- _Work instructions_: An exact transcription of all the data is required, with every image removed.
### Record excerpts ###
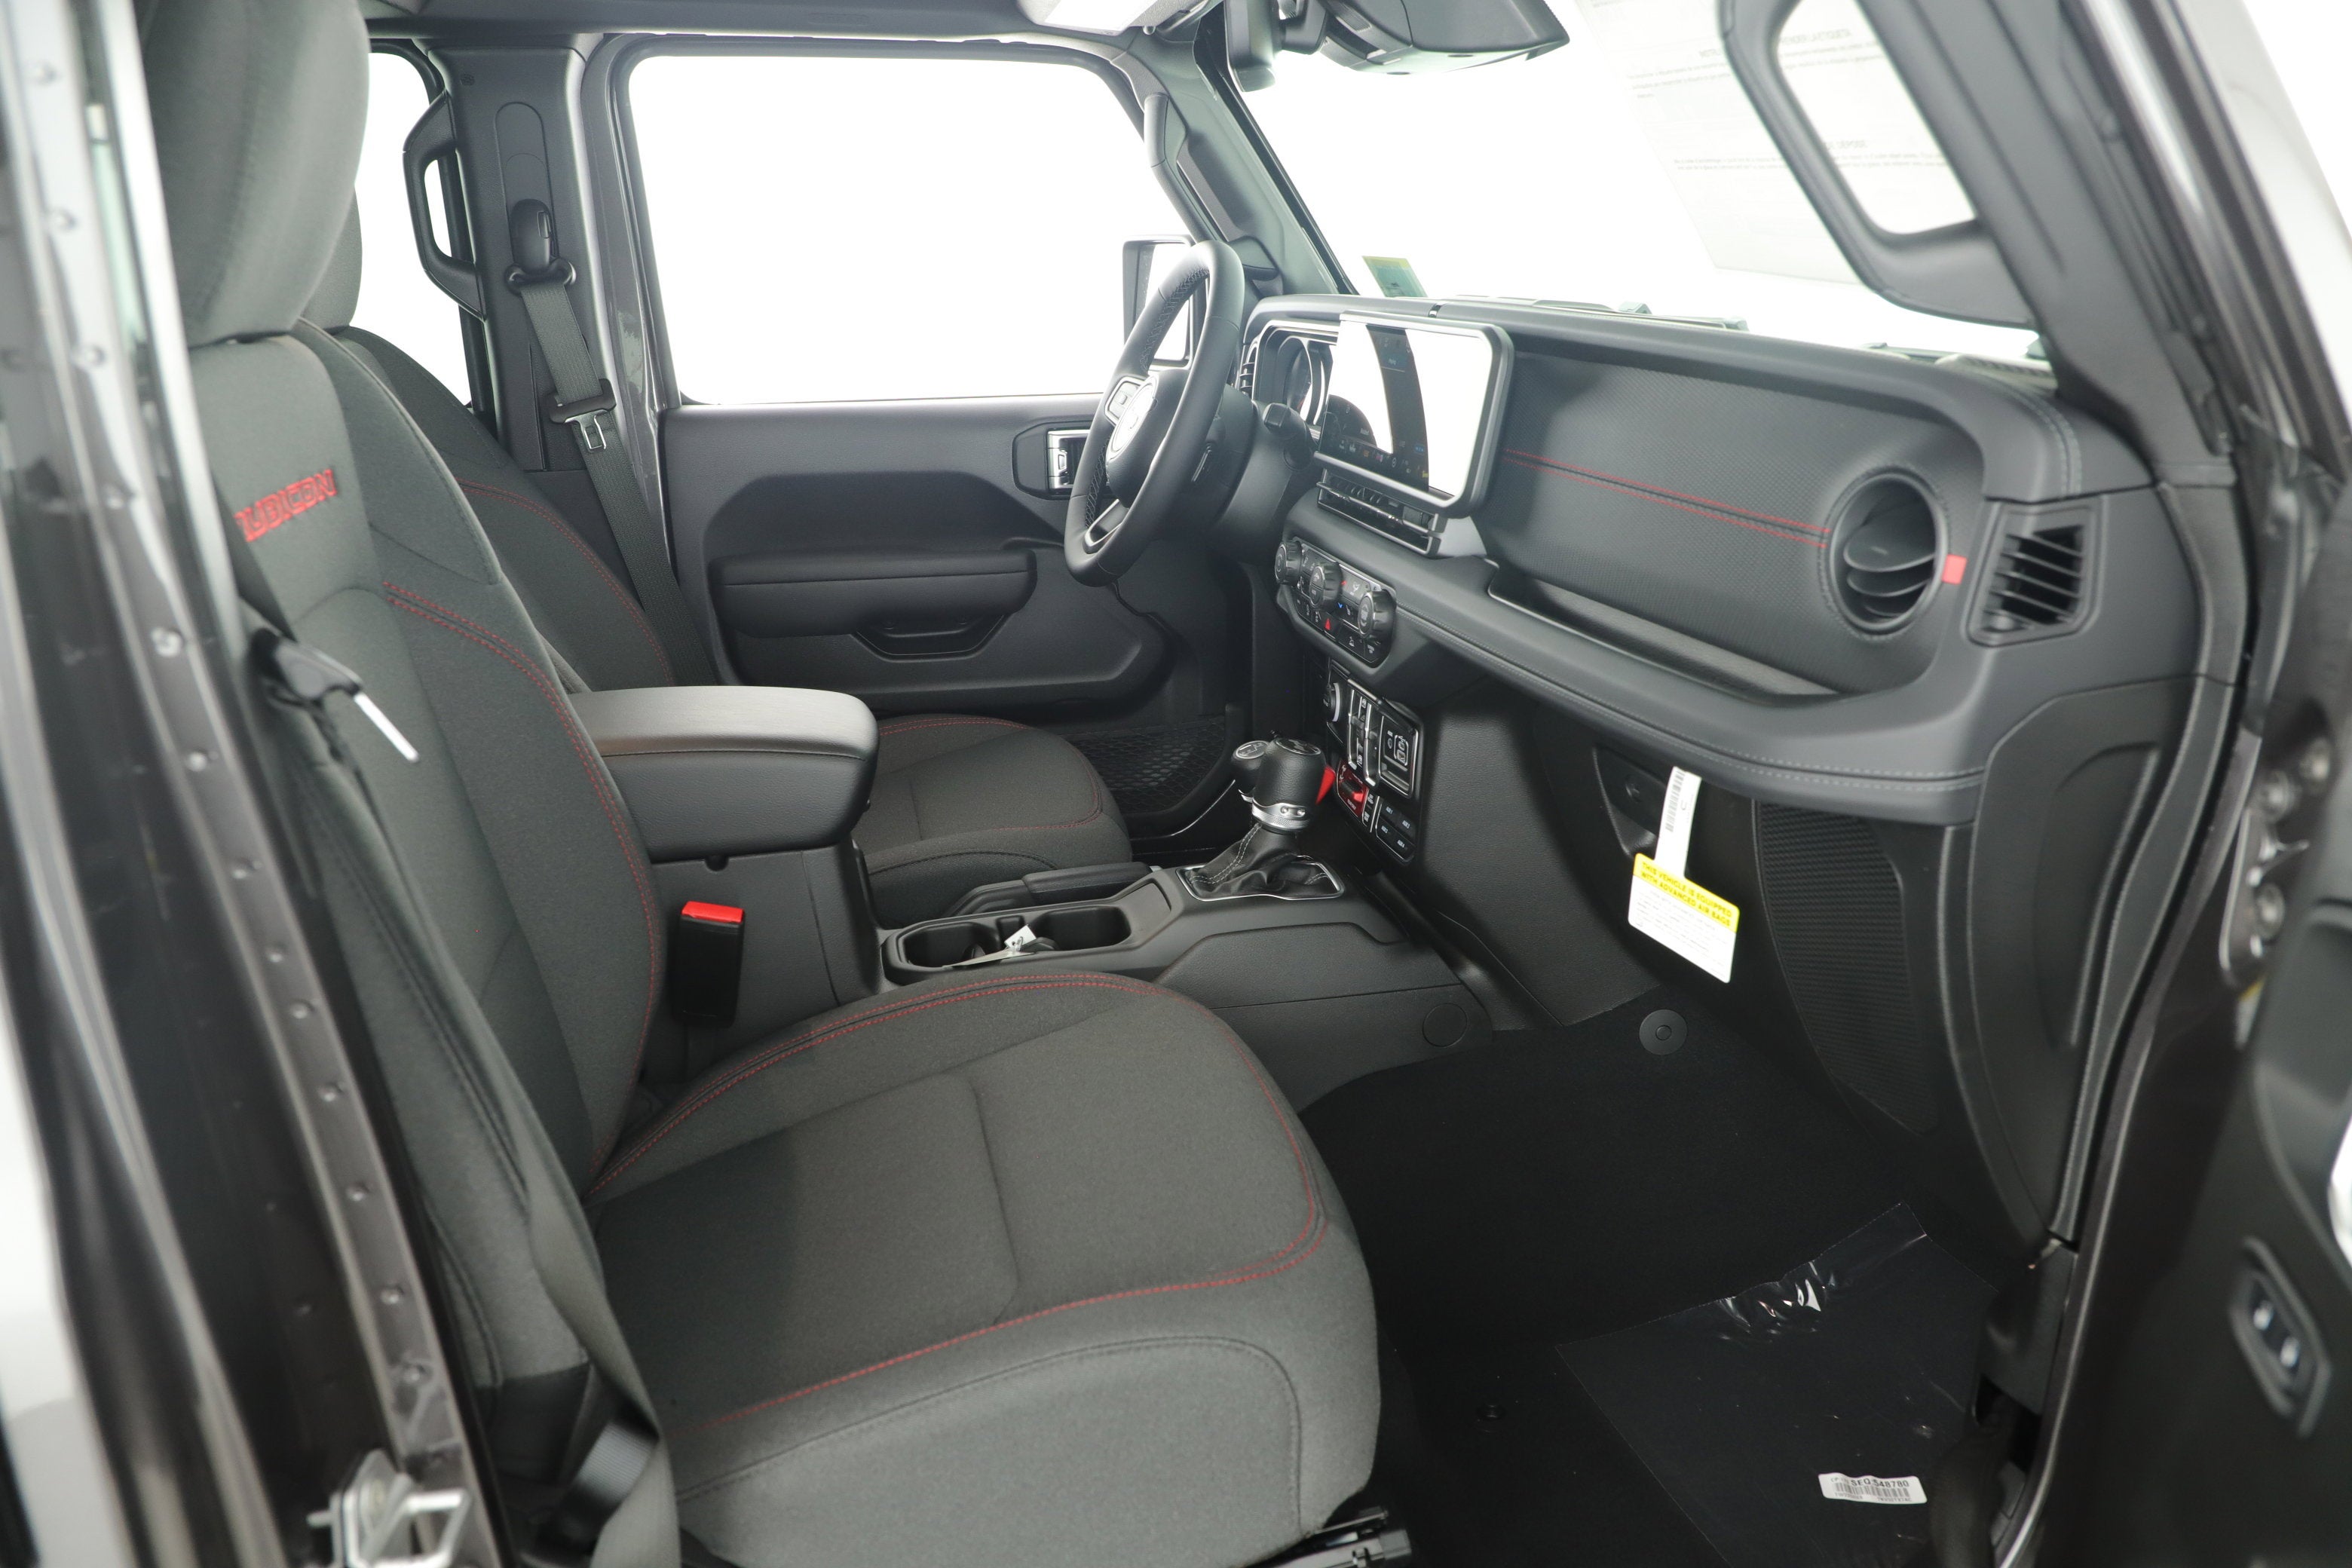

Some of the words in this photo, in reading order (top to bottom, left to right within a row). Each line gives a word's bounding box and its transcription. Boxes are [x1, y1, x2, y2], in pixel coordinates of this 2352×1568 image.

[1640, 871, 1658, 885] WITH
[1659, 881, 1697, 907] ADVANCED
[1698, 902, 1710, 914] AIR
[1711, 911, 1731, 927] BAGS
[1642, 862, 1657, 876] THIS
[1658, 872, 1686, 891] VEHICLE
[1688, 888, 1695, 897] IS
[1696, 893, 1732, 918] EQUIPPED
###
- _Reply to the exercise_:
Some of the words in this photo, in reading order (top to bottom, left to right within a row). Each line gives a word's bounding box and its transcription. Boxes are [x1, y1, x2, y2], in pixel coordinates of this 2352×1568 image.

[1640, 871, 1658, 885] WITH
[1659, 881, 1697, 907] ADVANCED
[1698, 902, 1710, 914] AIR
[1711, 911, 1731, 927] BAGS
[1642, 862, 1657, 876] THIS
[1658, 872, 1686, 891] VEHICLE
[1688, 888, 1695, 897] IS
[1696, 893, 1732, 918] EQUIPPED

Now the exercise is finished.